Шпагина перевезли в палату. Когда он пришел в сознание, я сказала:
– Георгий Семенович, все, что могли, мы сделали.
Он не задавал вопросов. Видел по моим глазам, как прошла операция. Потом сказал:
– Прасковья Николаевна, не надо, не рассказывайте, не говорите ничего. Я вас благодарю за все…
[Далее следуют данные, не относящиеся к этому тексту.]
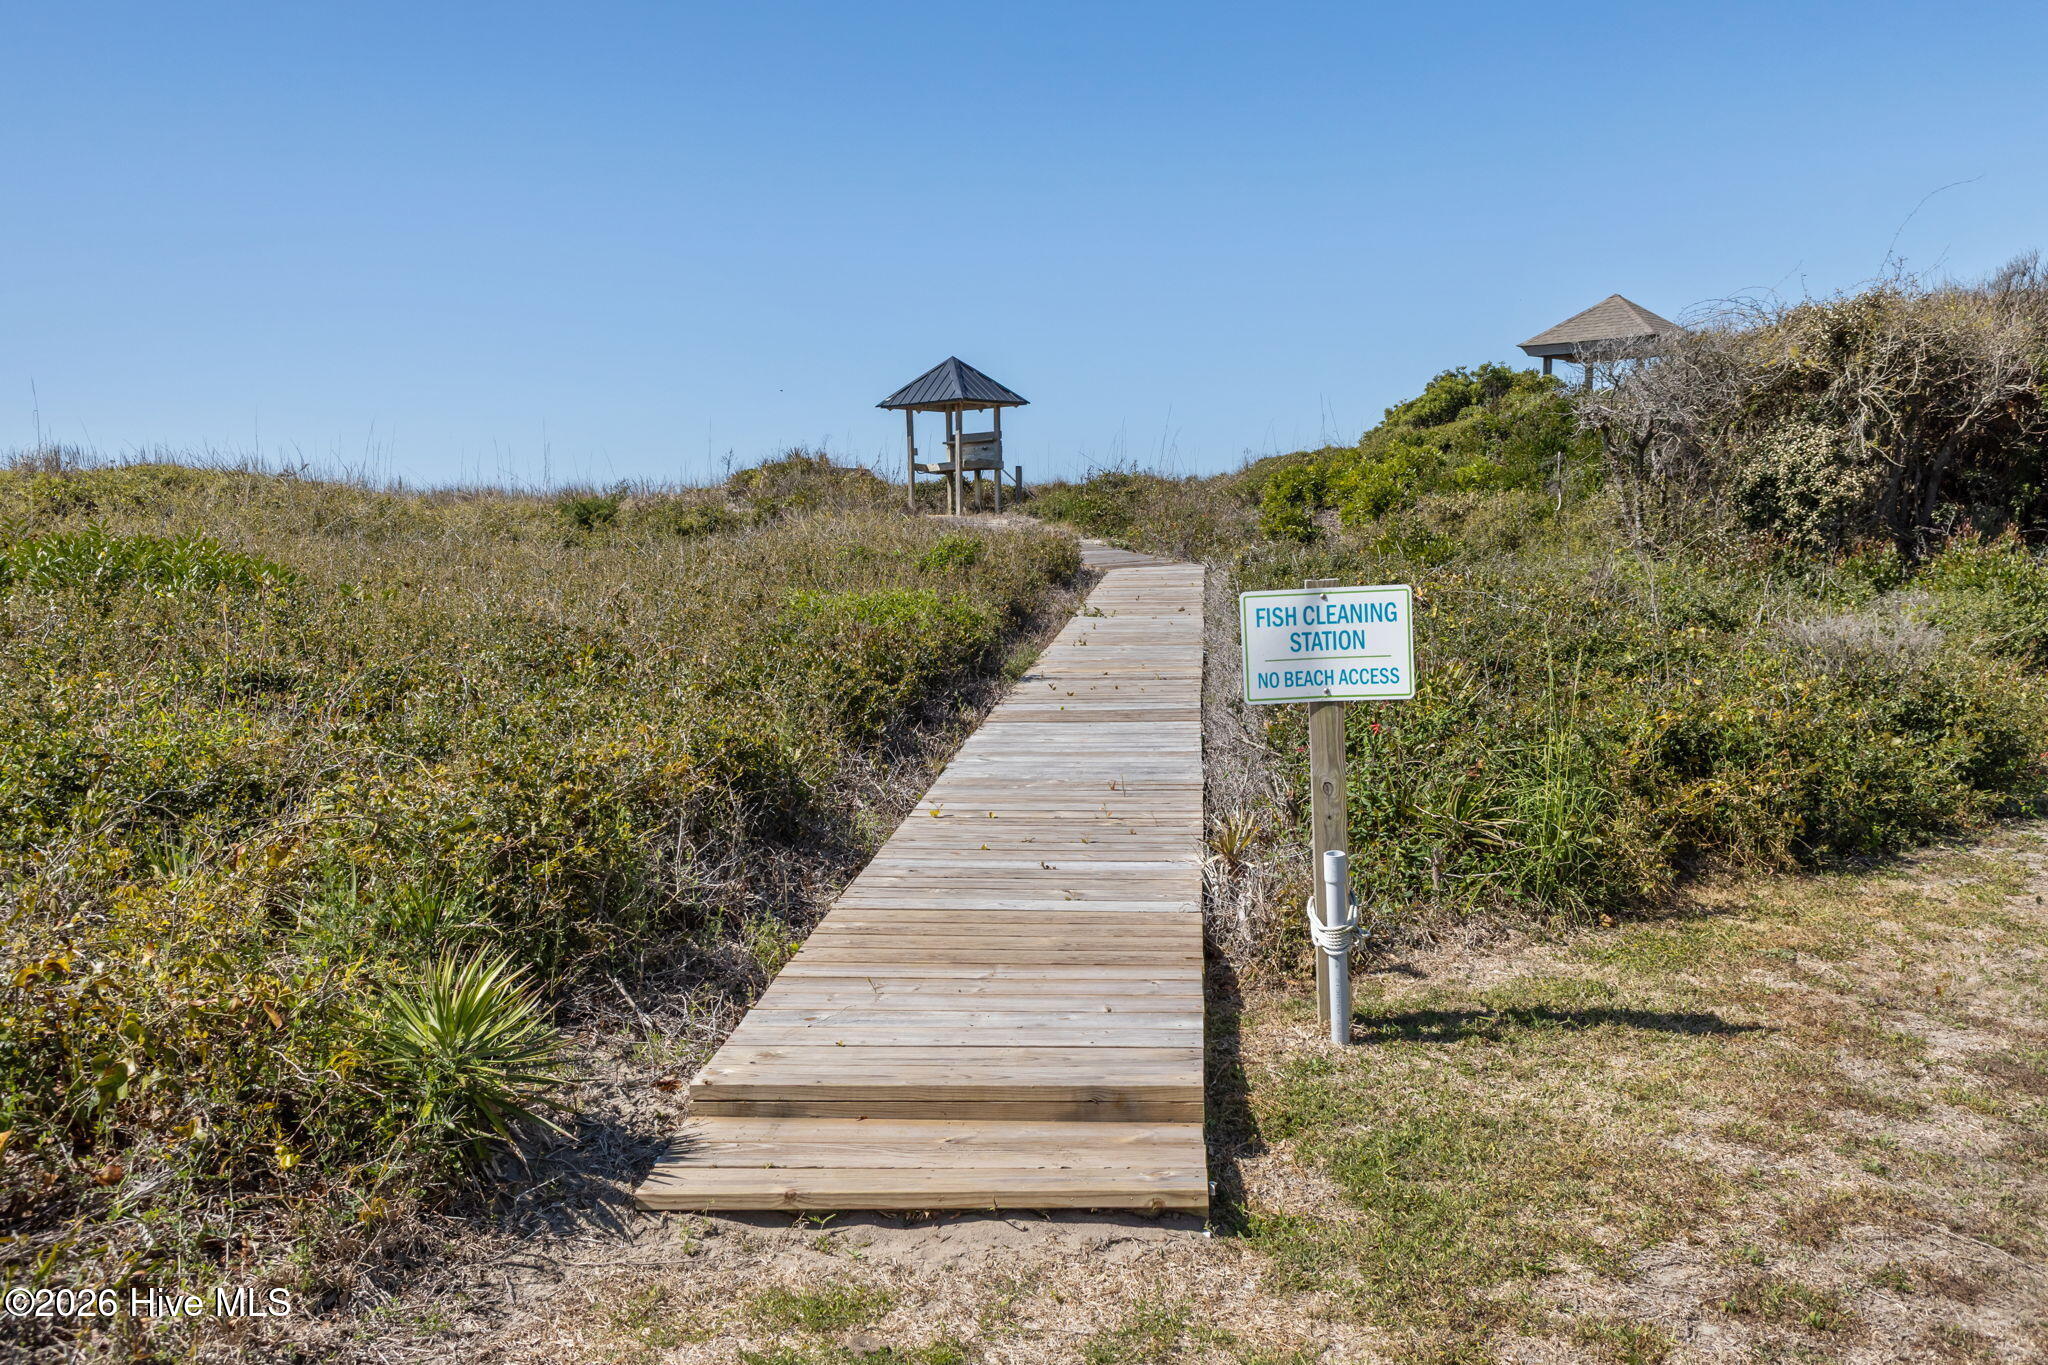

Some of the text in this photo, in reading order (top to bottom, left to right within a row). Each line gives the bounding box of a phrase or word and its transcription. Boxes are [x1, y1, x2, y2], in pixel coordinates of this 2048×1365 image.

Вскоре он умер, ему было 55 лет.
Я бережно храню подарок от его семьи – красную вазу, на которой выгравировано: «Дорогой Прасковье Николаевне Мошенцевой в знак благодарности за особое чуткое и великодушное отношение при лечении нашего горячо любимого мужа и отца». И подпись жены и дочери Георгия Семеновича.
Диагноз: «сифилис»
Кажется, это были 50-е годы.
Однажды поступила к нам очень красивая женщина из одной среднеазиатской республики. Видимо, высокопоставленный муж добился, чтобы ее направили в Москву и положили к нам, во вторую Кремлевскую больницу. Она была русская. Блондинка, лет сорока, но лицо очень желтое. По виду – все признаки желтухи. Да и настроение у нее было неважное. Когда мы познакомились, она сказала:
– Доктор, вся надежда на вас…
– В чем дело, что вас беспокоит? – задала я традиционные вопросы.
– Побаливает вот здесь, справа, – сказала она. – В области печени. Сильных приступов нет. Боли, скорее, ноющие. Но самочувствие отвратительное.
– А дома к врачам вы обращались?
– Обращалась, но толку мало… – Она безнадежно махнула рукой.